Your objective => After finding the line that includes "Some of the text" in the records below, transcribe it and each line after it through the last, exactly, and add nothing.

════

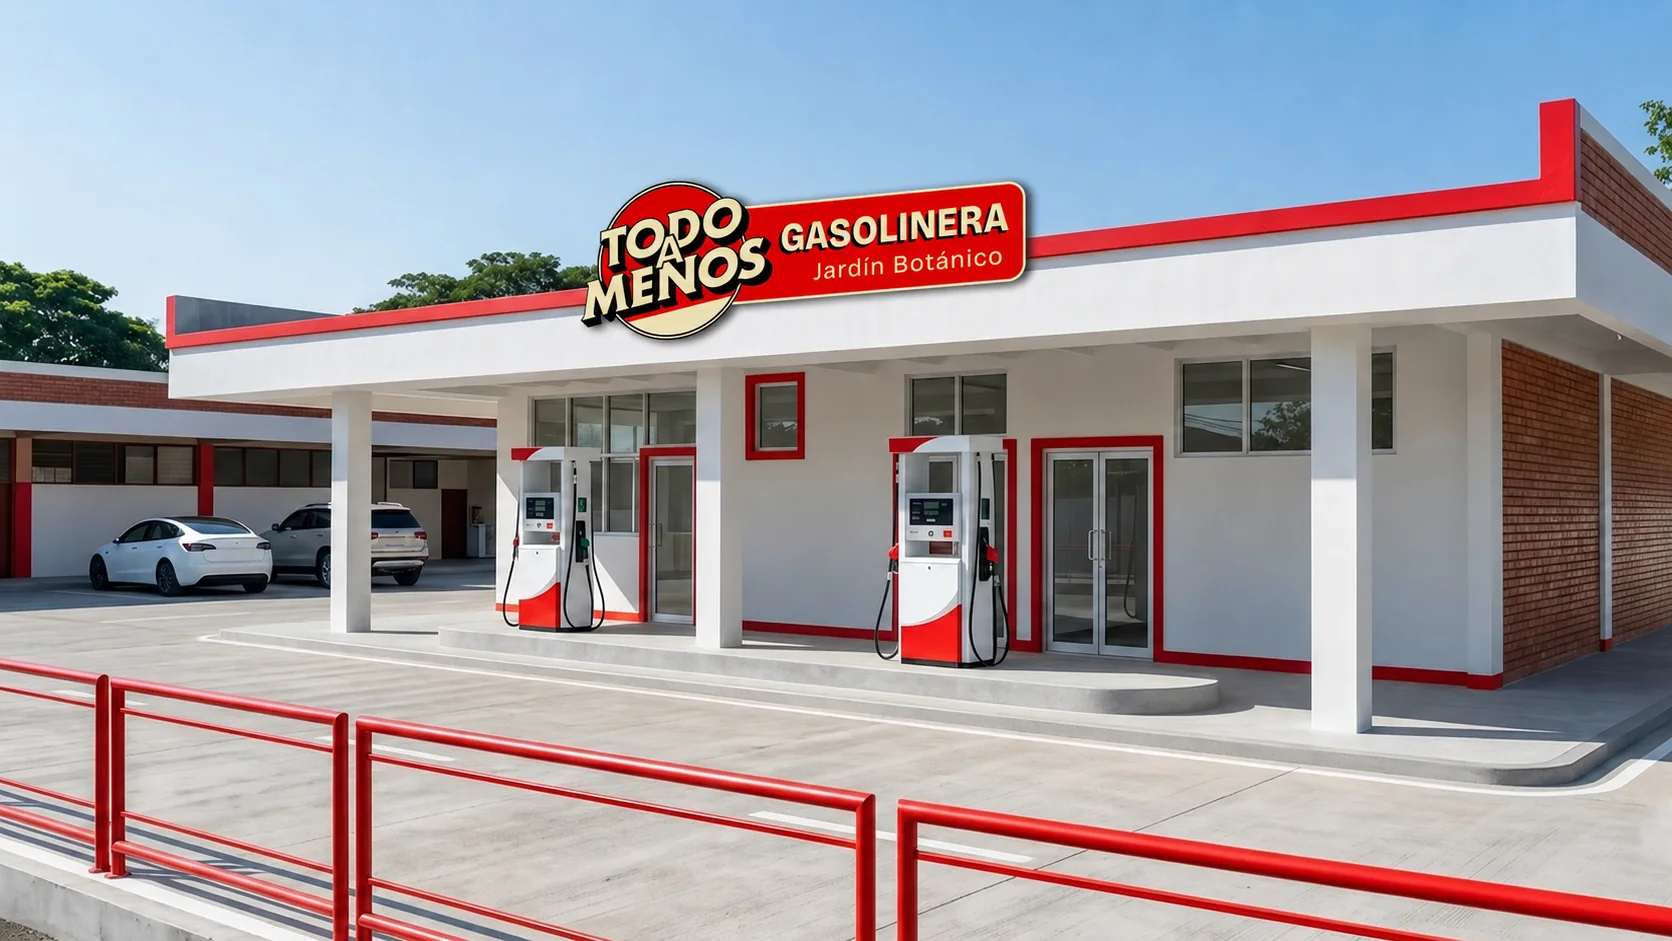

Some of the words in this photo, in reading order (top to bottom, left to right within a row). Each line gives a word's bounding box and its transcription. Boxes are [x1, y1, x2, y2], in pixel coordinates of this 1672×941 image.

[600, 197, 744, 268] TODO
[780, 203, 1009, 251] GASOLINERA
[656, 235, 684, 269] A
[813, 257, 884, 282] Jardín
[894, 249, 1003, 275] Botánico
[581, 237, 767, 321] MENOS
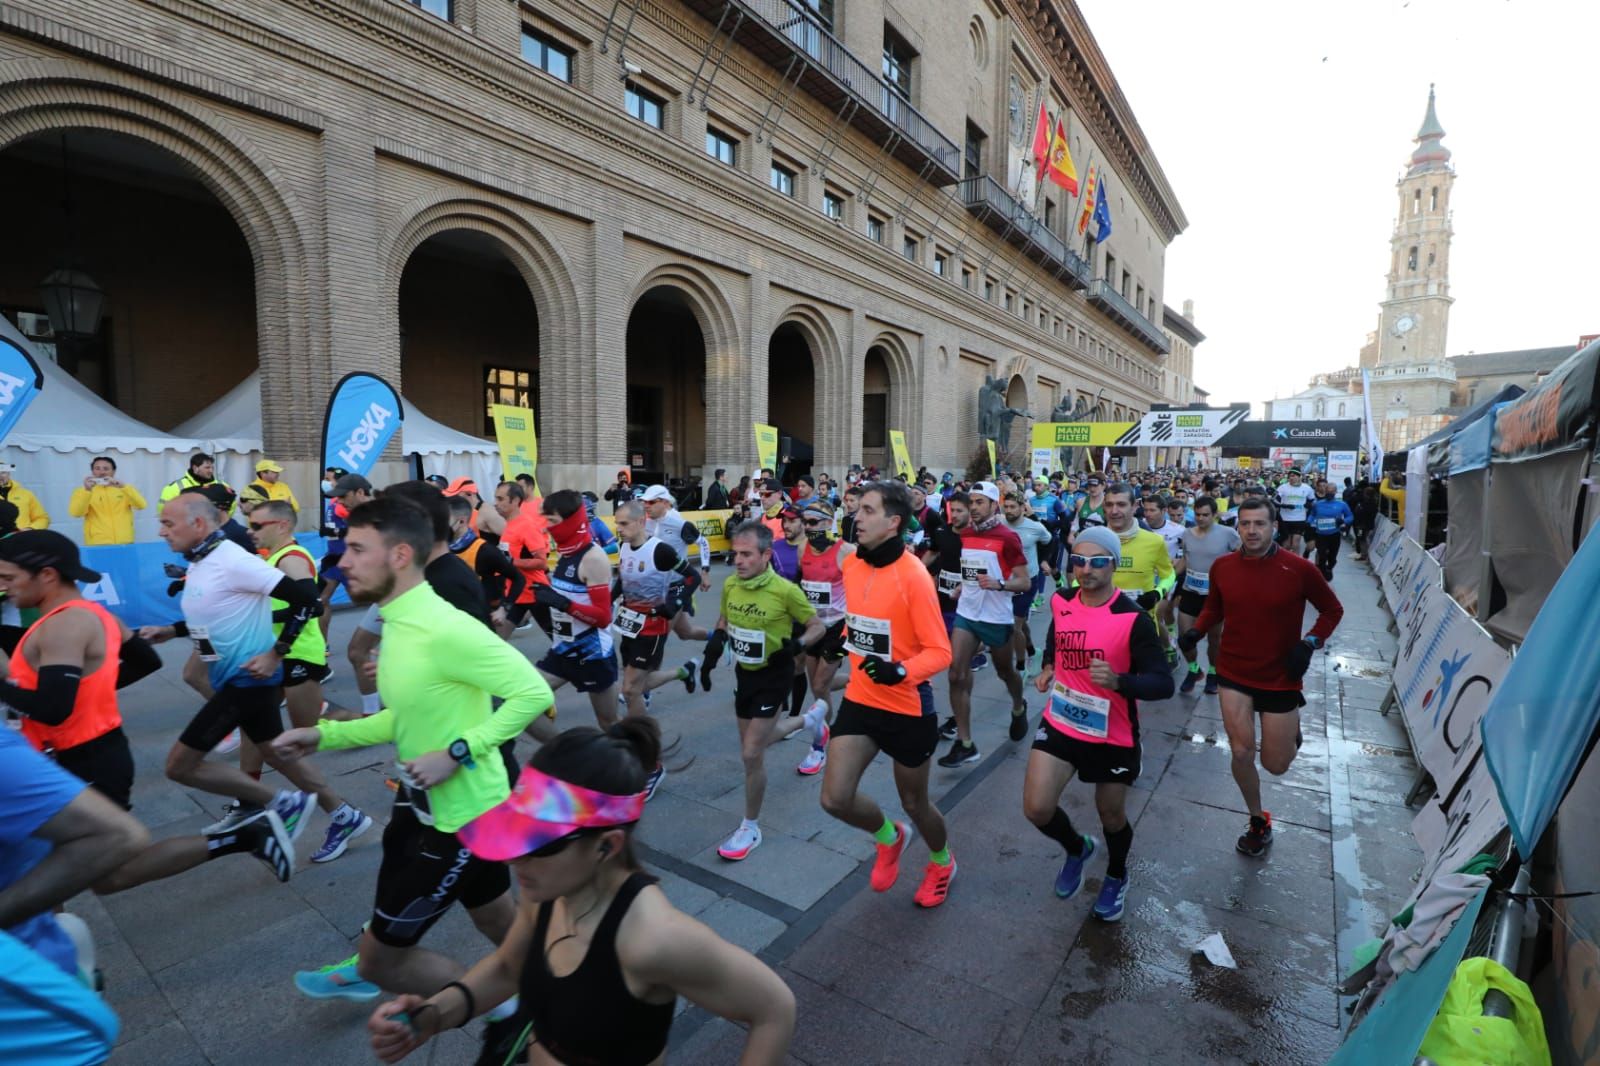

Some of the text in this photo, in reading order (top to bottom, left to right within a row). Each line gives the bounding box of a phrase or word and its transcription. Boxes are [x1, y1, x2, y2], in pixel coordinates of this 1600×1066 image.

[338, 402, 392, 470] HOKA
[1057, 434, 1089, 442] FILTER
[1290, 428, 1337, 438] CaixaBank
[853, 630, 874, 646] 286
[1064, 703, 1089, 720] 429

════

Exercise result =>
Some of the text in this photo, in reading order (top to bottom, left to right within a row). Each line gives the bounding box of a phrase or word and its transcription. Boxes are [x1, y1, x2, y2], in pixel coordinates of this 1600×1066 image.

[338, 402, 392, 470] HOKA
[1057, 434, 1089, 442] FILTER
[1290, 428, 1337, 438] CaixaBank
[853, 630, 874, 646] 286
[1064, 703, 1089, 720] 429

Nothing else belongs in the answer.